Physical Niche Conditions of (Early)-Osteocytes and Myoblasts
Mechanopresentation implies the presentation of mechanical load cues to be sensed by bone or muscle cells. When mechanical stimuli are applied to the cell surface or microenvironment, one or more ligands anchored on the cell surface to support mechanical force upon its application are required for mechanopresentation. Insoluble ligands such as integrins, syndecans, and dystroglycans are prerequisite, since soluble ligands cannot present mechanical cues. Mechanoreception is the process of attachment of the mechanopresenting ligand with the cell surface receptor that is exerted by mechanical load. The cell surface receptor is termed a cell mechanoreceptor, since it represents a molecule that senses and receives the mechanical load signal.
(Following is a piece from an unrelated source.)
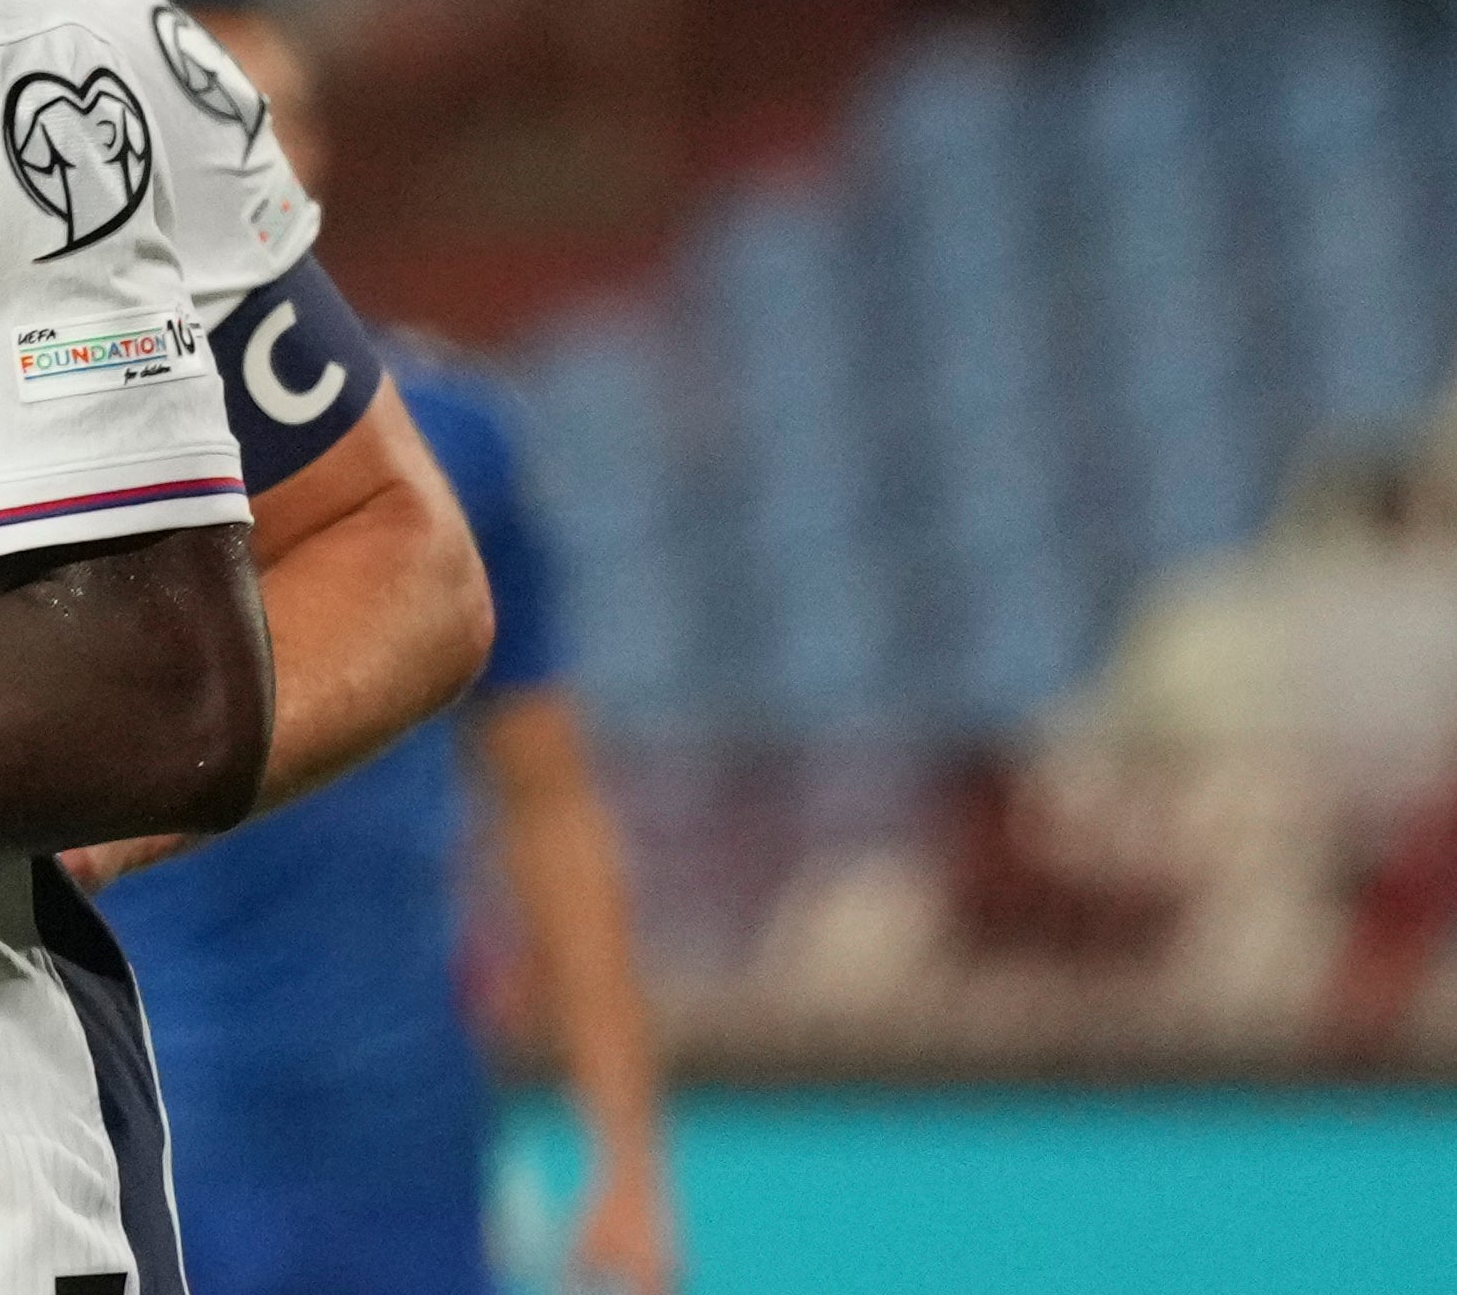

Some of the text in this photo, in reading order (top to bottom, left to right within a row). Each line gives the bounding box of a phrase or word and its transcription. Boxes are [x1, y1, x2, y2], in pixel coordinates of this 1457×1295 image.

This response may cause conformational changes of the cell surface-binding site of the ligand and receptor to change the bond properties. Mechanotransmission is executed by the mechanotransmitter, e.g. receptor and ligand. The mechanical load signal is transduced from the ligand-receptor binding site to the inside of the cell. Remarkably, the spreading of the mechanical load signal is not only limited to the mechanical force, since it does not only induce conformational changes of molecular signaling mechanisms, but it is also part of the mechanotransmission process, albeit its stimulatory effect on mechanotransduction that suggests that the mechanical stimuli are translated into biochemical signals. However, a model of tensegrity-based signaling in cells has been postulated, that proposes that the cytoskeleton constitutes of a pre-stressed tensegrity structure allowing force transmission from the ECM onto the cytoskeleton and nucleus [77]. The forces exerted via the ECM cause the release of mRNA and ribosomes attached to the cytoskeleton, and nuclear deformation or conformational changes of chromatin that affects gene transcription [78].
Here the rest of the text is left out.